Now turning to Healthcare – our Healthcare segment growth, ex-divestitures, continued in the first quarter, although at a slower pace than we would have initially anticipated, as Jeff mentioned. In particular, revenue in our non-dental segment of healthcare, which we call Medical Devices, declined approximately 12% year-over-year. This decline partially is a result of supply chain impacts for our manufacturing operations that produce end-use medical devices, customer purchase delays due to Q1 COVID resurgence that Jeff spoke about earlier, and also partially as a result of device manufacturers delaying printer purchases to qualify our new Flex and Factory 350 dual-laser printers. We believe these new printers will provide strong productivity enhancements to our healthcare customers. As a result, once customer qualification is complete, we expect robust demand for these new products.

Now, we turn to gross profit margin. Gross profit margin for the first quarter was 40.4% compared to 44% in the prior year. Non-GAAP gross profit margin was 40.6% compared to 44% in the prior year. Gross profit margin decreased due to multiple factors, including divestitures and related Q1 product mix and inflationary pressures, particularly in freight costs. We expect gross margins to improve as we move through the year as production volumes and mix improves combined with the impact of recently announced price increases across multiple product lines.

GAAP operating expenses increased 16.4% to $77 million in the first quarter of 2022, compared to the same period a year ago. On a non-GAAP basis, operating expenses were $57.8 million, a 13% increase from the same period a year ago. The higher non-GAAP operating expenses reflect the impact of divestitures, offset by higher spending in targeted areas to support future growth, including research and development, and general and administrative infrastructure, as well as expenses incurred by acquired companies and the previously mentioned bad debt expense associated with our exit from Russia.

Adjusted EBITDA, defined as non-GAAP operating profit plus depreciation, was $1.9 million in the first quarter of 2022 or 1.4% of revenue, compared to $19.8 million in the first quarter of 2021 or 13.6% of revenue. The year-over-year decline in margin was primarily due to the continued focus on investing in growth areas of our business and product portfolio, combined with the impact of divestitures.

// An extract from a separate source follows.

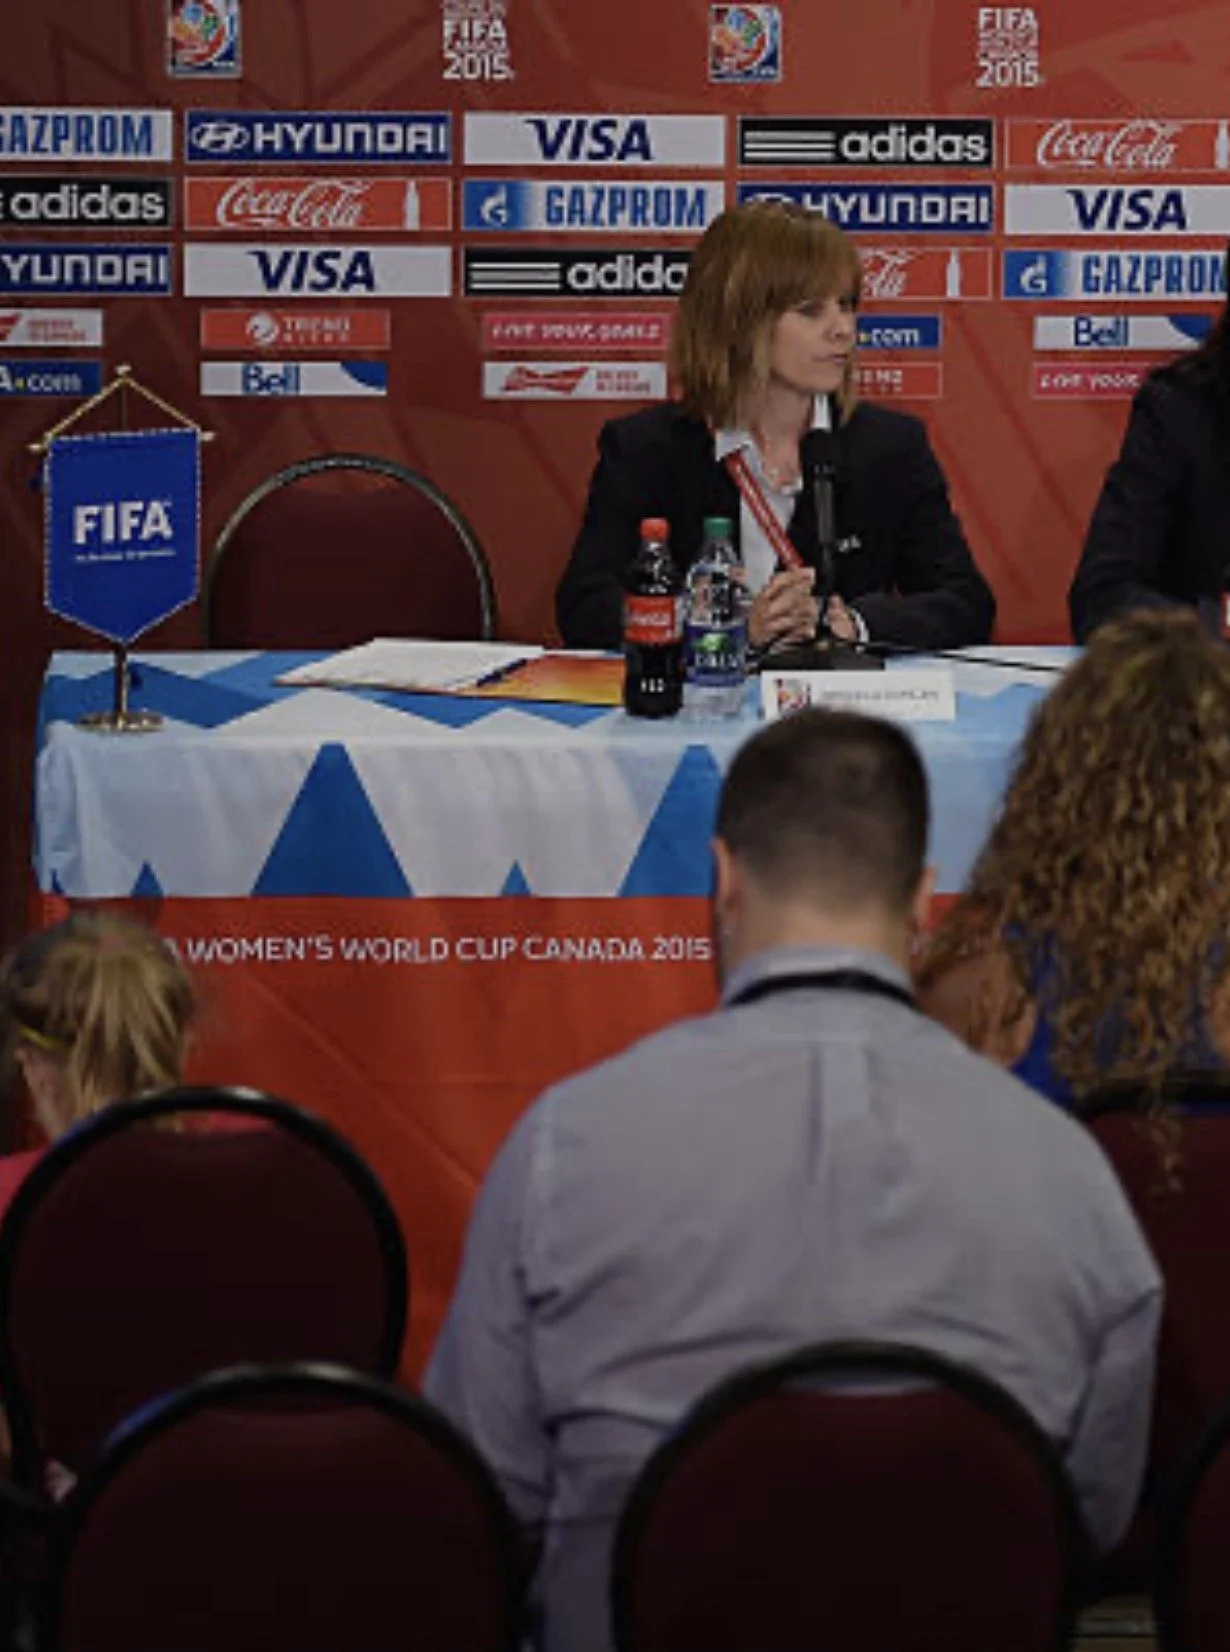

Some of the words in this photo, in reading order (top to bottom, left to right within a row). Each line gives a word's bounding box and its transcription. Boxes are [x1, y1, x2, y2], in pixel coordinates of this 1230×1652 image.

Now, let’s turn to the balance sheet. We ended the quarter with $745.6 million of cash and short-term investments on hand. Our cash and short-term investments declined approximately $44 million since the end of Q4 2021, primarily as a result of our operating loss, higher inventory levels, advanced tax payments, our investment in Enhatch and cash payments related to net share settlements on stock-based compensations. Subsequent to quarter end, we closed on our previously announced acquisitions of Titan Robotics and Kumovis for approximately $80 million in cash, net of customary closing adjustments. The acquisitions were funded with cash in our balance sheet.

We continue to have a very strong balance sheet, with ample cash to fund organic growth opportunities and potential acquisitions. We believe investments, both organically and through acquisitions, support our strategy of driving recurring revenue growth and higher adoption of additive manufacturing in both the Industrial and Healthcare segments.

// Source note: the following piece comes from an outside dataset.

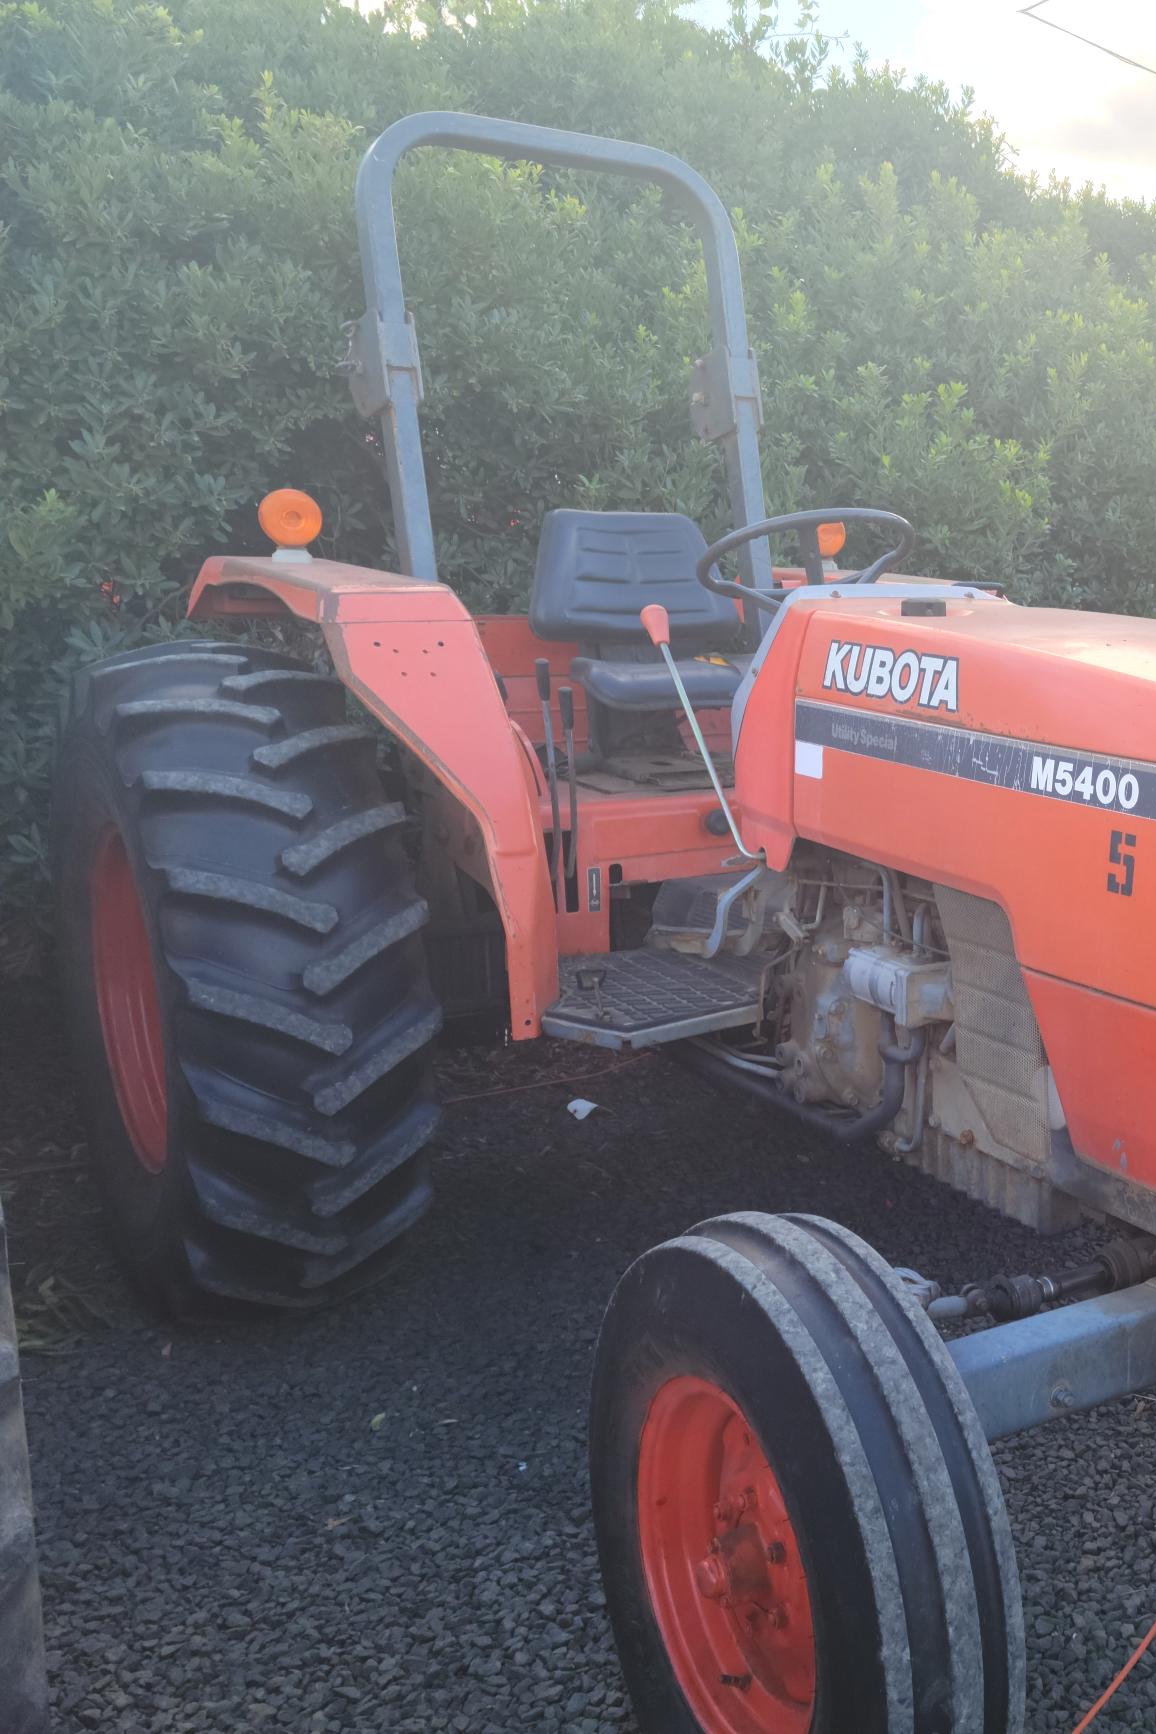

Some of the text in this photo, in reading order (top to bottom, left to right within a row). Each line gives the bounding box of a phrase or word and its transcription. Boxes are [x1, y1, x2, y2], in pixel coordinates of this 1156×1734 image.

[823, 640, 959, 712] KUBOTA
[831, 722, 897, 752] Utility Special
[1031, 757, 1139, 810] M5400

Beginning last year, we provided guidance on full year non-GAAP gross profit margins; and for 2022, we have expanded our guidance to include revenue and non-GAAP operating expenses. We are narrowing our full-year guidance to reflect our performance in the first quarter and expectations for the full year. Given our strong demand outlook, we now expect revenue to be within a range of $580 million and $625 million, a tightening of the range that we have reiterated a few weeks ago. We are narrowing our non-GAAP gross margin guidance to a range of 40% to 43%, and our planned investment profile leads us to believe that non-GAAP operating expenses will now be between $235 million and $250 million. This 2022 guidance assumes no additional significant macroeconomic events that negatively impact our business, such as COVID-19, geopolitical events, or other factors that could impact either demand or disrupt our supply chain.

I’ll now turn it back to Jeff to comment on our upcoming Investor Day before we take your questions. Jeff?

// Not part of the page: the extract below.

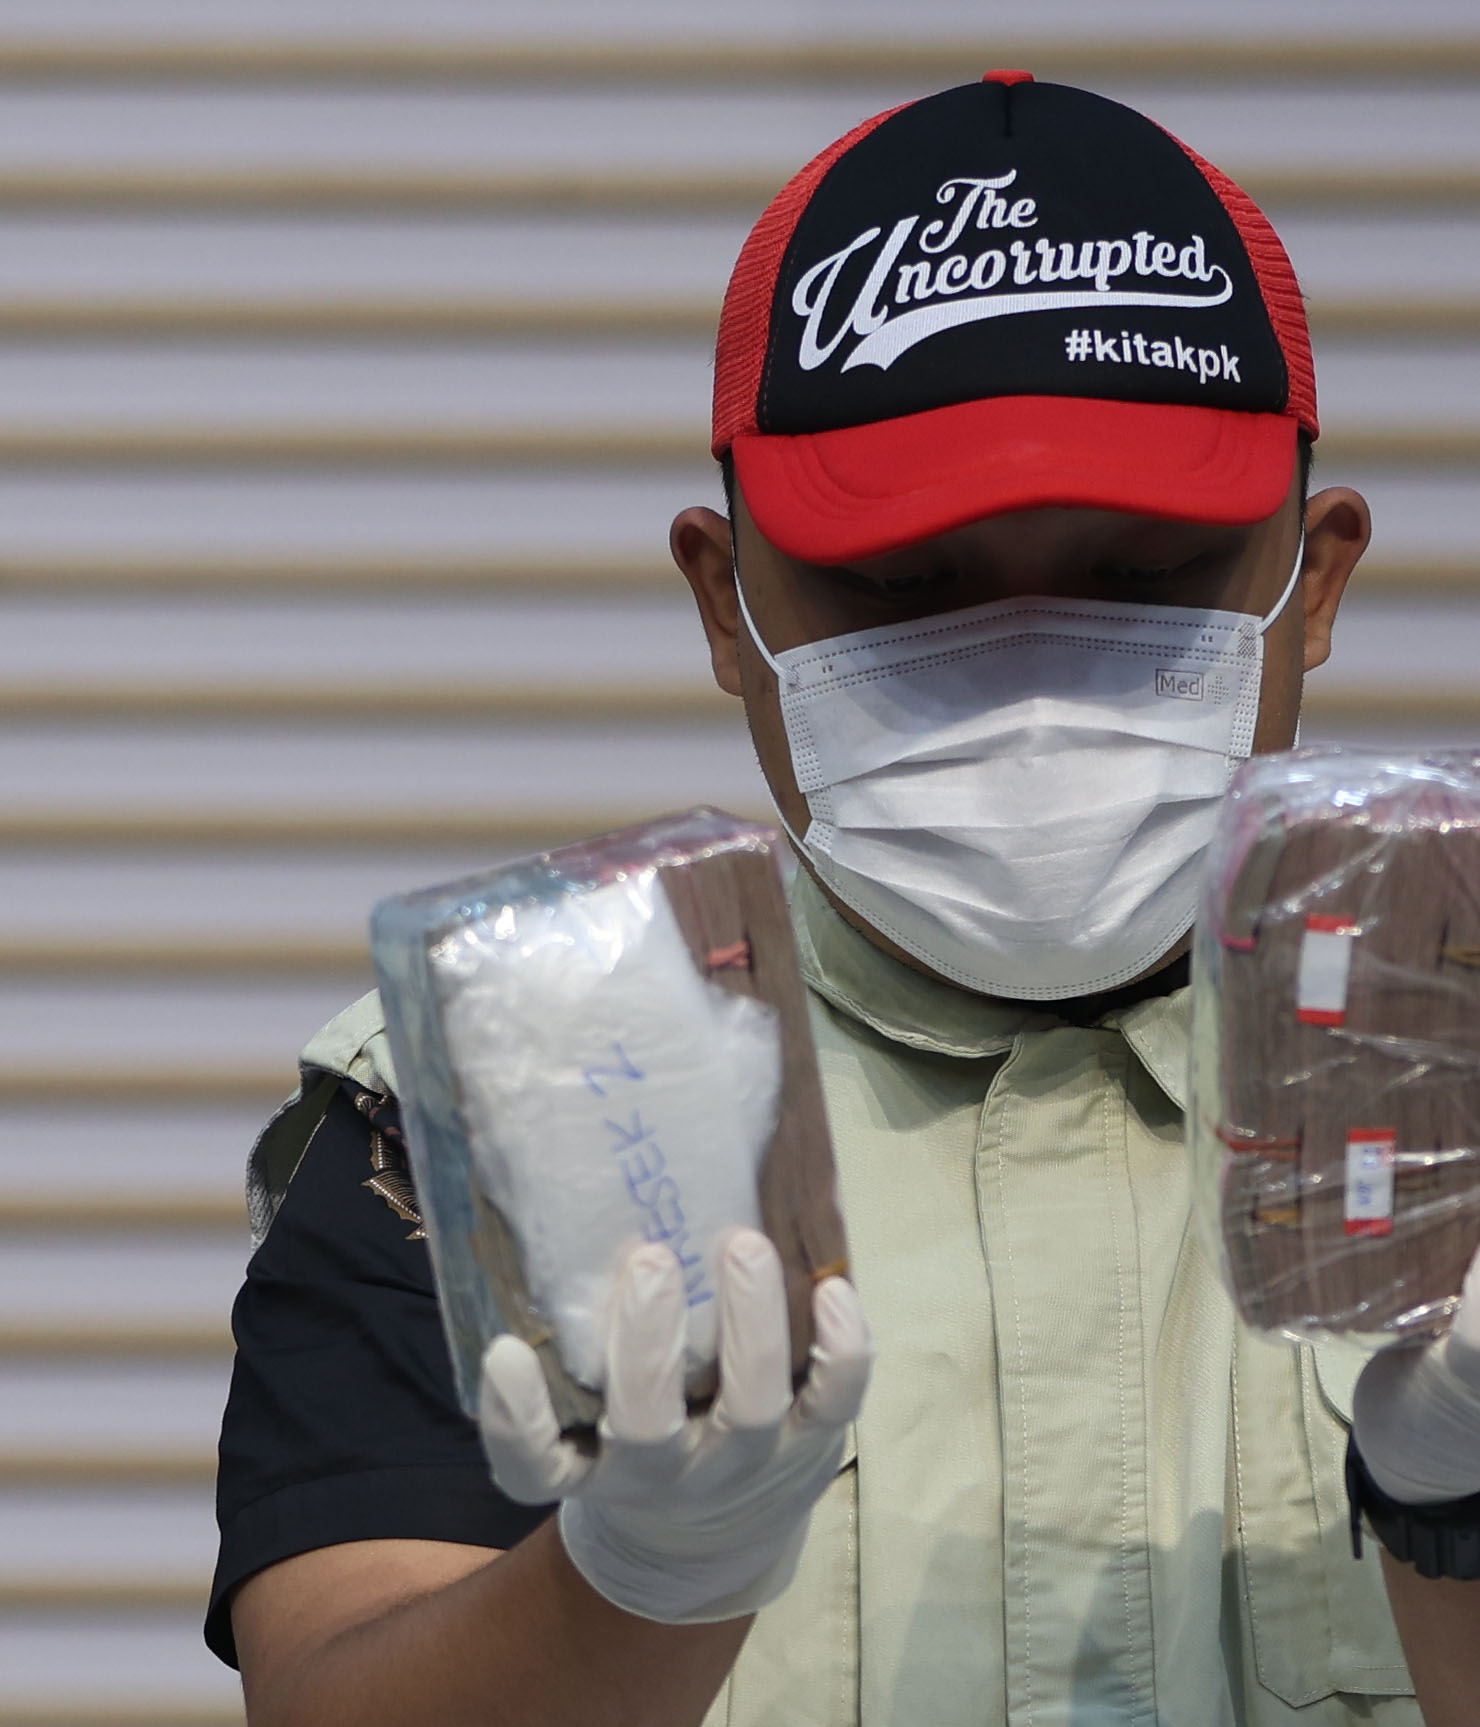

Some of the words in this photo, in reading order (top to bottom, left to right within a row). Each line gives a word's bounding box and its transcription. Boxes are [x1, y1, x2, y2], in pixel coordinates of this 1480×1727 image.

[919, 169, 1038, 253] The
[792, 215, 1233, 371] Uncorrupted
[1065, 328, 1241, 383] #kitakpk
[1160, 674, 1200, 696] Med

Jeffrey A. Graves — Chief Executive Officer and President

Thanks, Jagtar. And before I do that, I want to thank you for your dedication and leadership and your time with us here at 3D Systems, Jagtar, as we’ve executed on the transformational plan to refocus our business portfolio on additive manufacturing, driving improved growth and operating performance while significantly strengthening our balance sheet. Your contribution and leadership has been greatly appreciated by me and the entire 3D Systems organization, and we wish you very well in your new role.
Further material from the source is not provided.